(Excerpted data Opens)

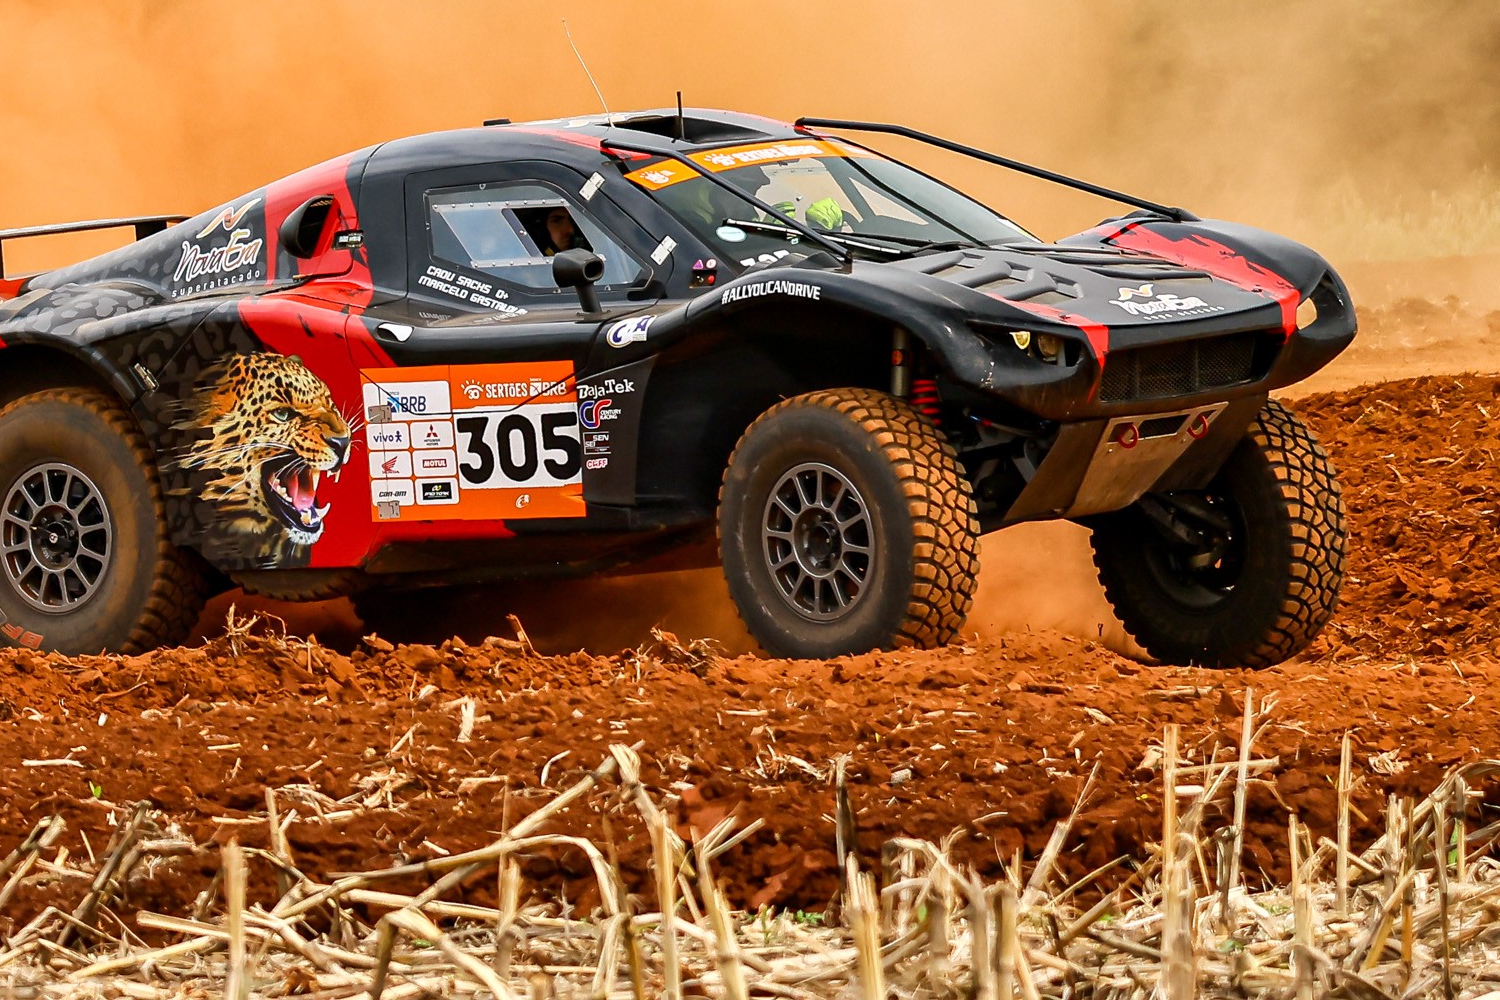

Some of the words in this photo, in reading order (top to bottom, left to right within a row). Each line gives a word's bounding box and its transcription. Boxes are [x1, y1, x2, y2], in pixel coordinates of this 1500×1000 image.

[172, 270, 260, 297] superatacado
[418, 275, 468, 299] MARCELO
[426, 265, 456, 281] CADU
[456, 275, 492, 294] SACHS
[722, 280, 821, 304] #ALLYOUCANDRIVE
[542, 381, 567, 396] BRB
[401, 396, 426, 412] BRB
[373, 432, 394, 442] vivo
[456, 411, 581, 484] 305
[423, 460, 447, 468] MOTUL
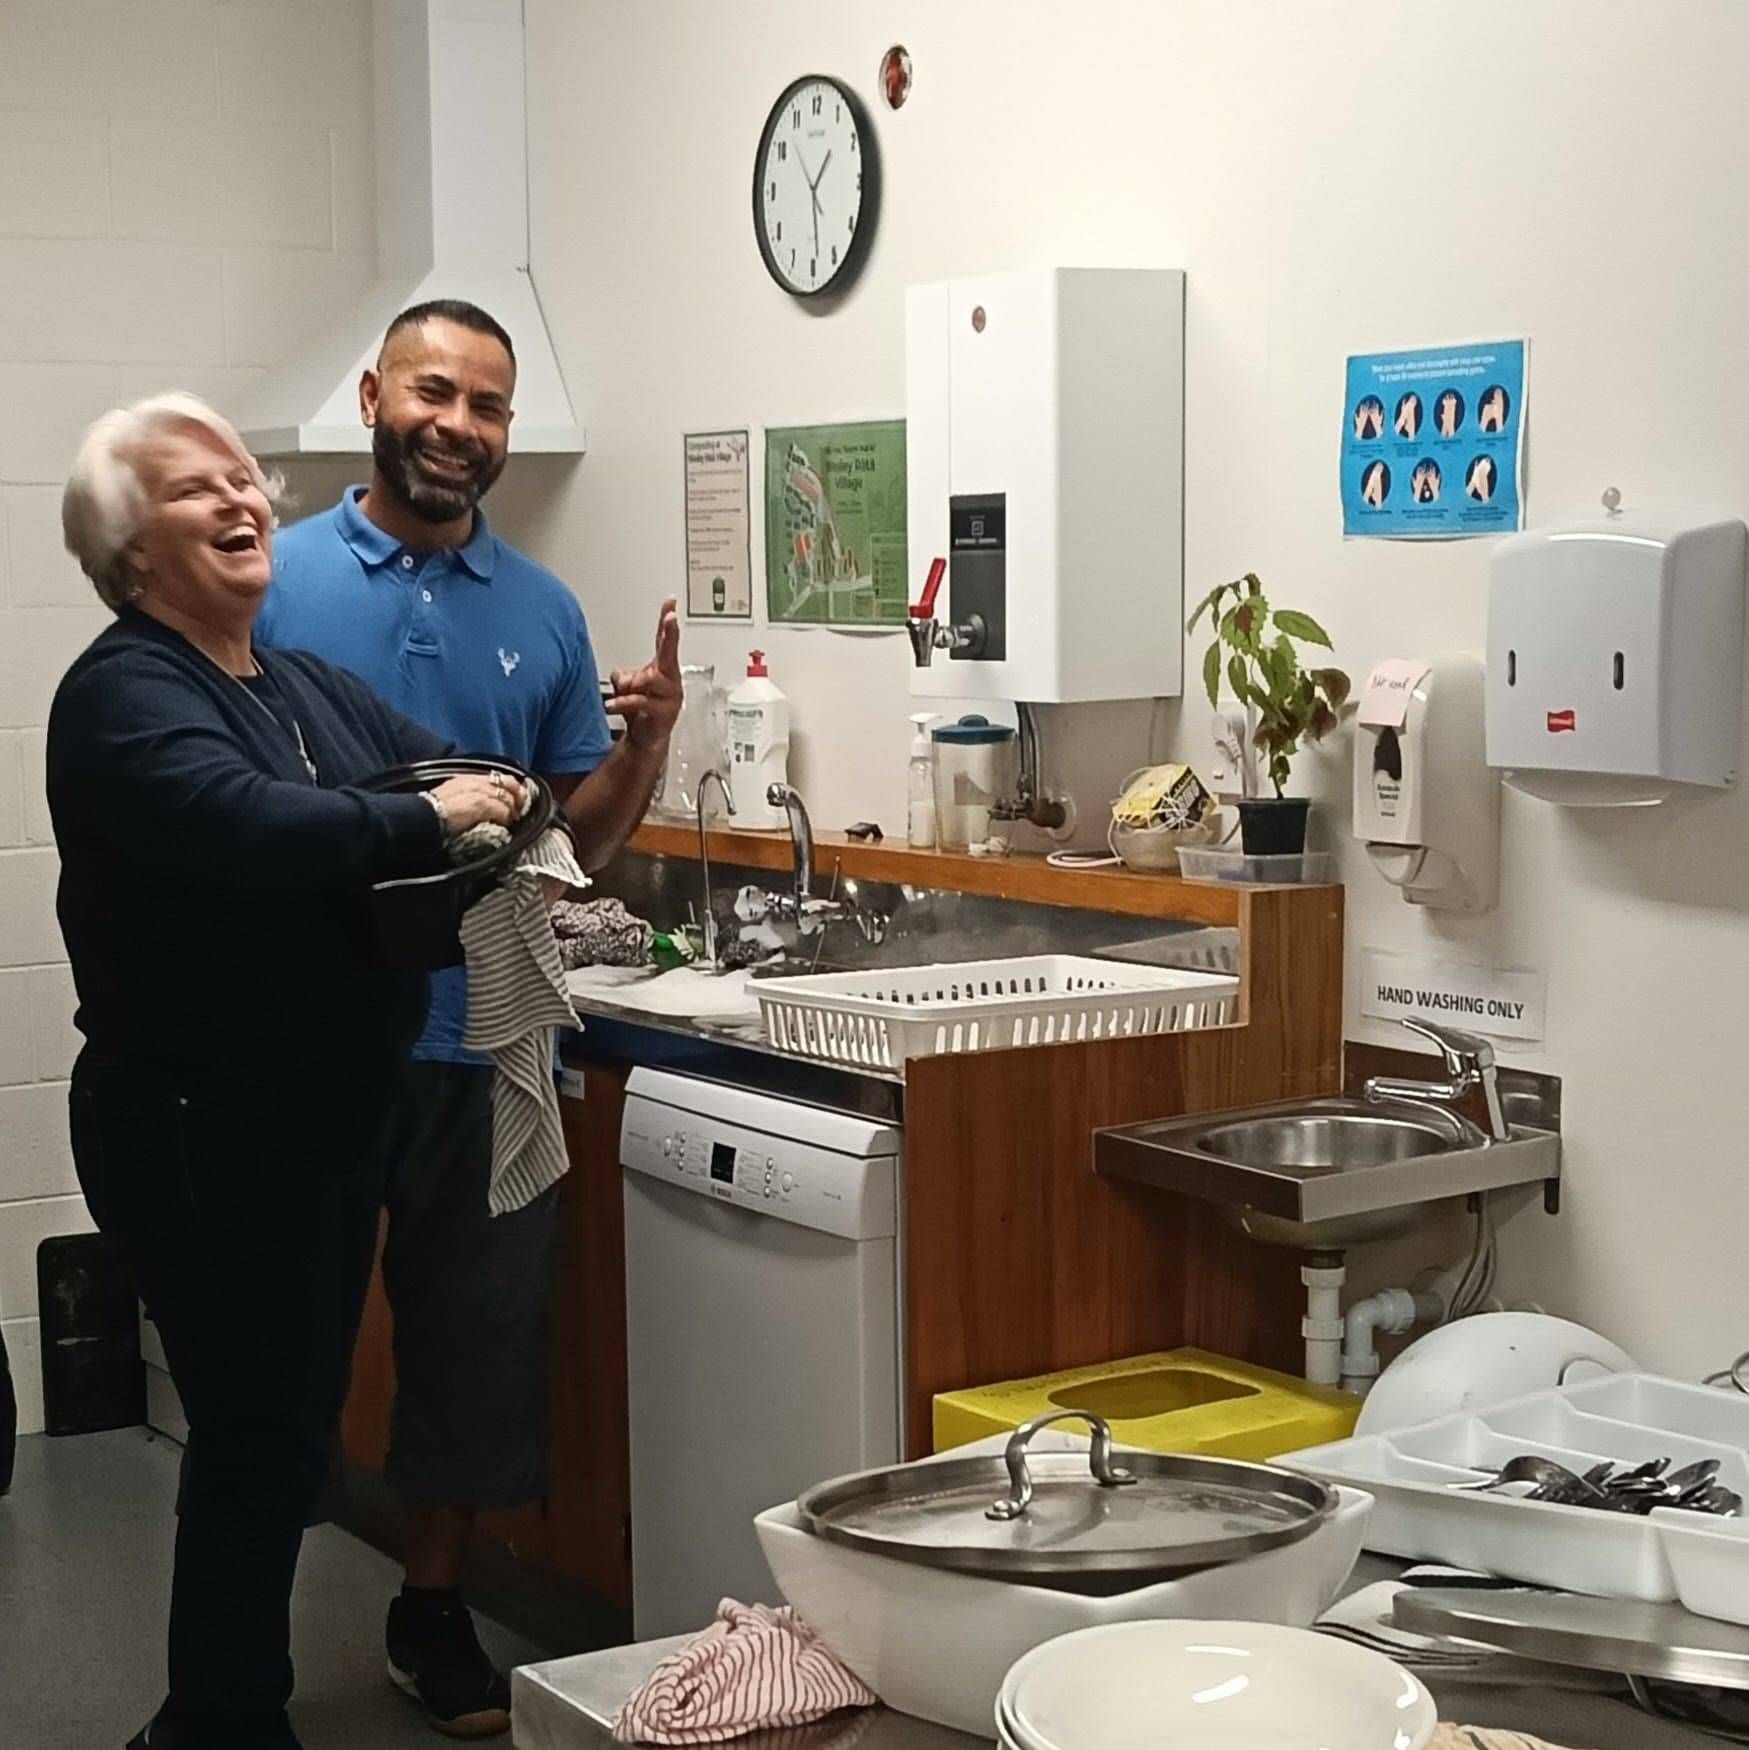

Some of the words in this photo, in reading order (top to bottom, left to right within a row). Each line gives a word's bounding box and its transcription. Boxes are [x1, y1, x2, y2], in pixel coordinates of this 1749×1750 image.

(Excerpted data Closes)

# Work to complete
The copy must reproduce every entry exactly while excluding all pictures.

# Reply
Some of the words in this photo, in reading order (top to bottom, left to right within a row). Each line gives a word's bounding box and its transcription. Boxes are [x1, y1, x2, y2], in pixel coordinates of this 1500×1000 image.

[172, 270, 260, 297] superatacado
[418, 275, 468, 299] MARCELO
[426, 265, 456, 281] CADU
[456, 275, 492, 294] SACHS
[722, 280, 821, 304] #ALLYOUCANDRIVE
[542, 381, 567, 396] BRB
[401, 396, 426, 412] BRB
[373, 432, 394, 442] vivo
[456, 411, 581, 484] 305
[423, 460, 447, 468] MOTUL

Some of the words in this photo, in reading order (top to bottom, left to right within a row). Each line gives a word's bounding box and its transcription. Boxes are [x1, y1, x2, y2], in pixel coordinates of this 1749×1750 image.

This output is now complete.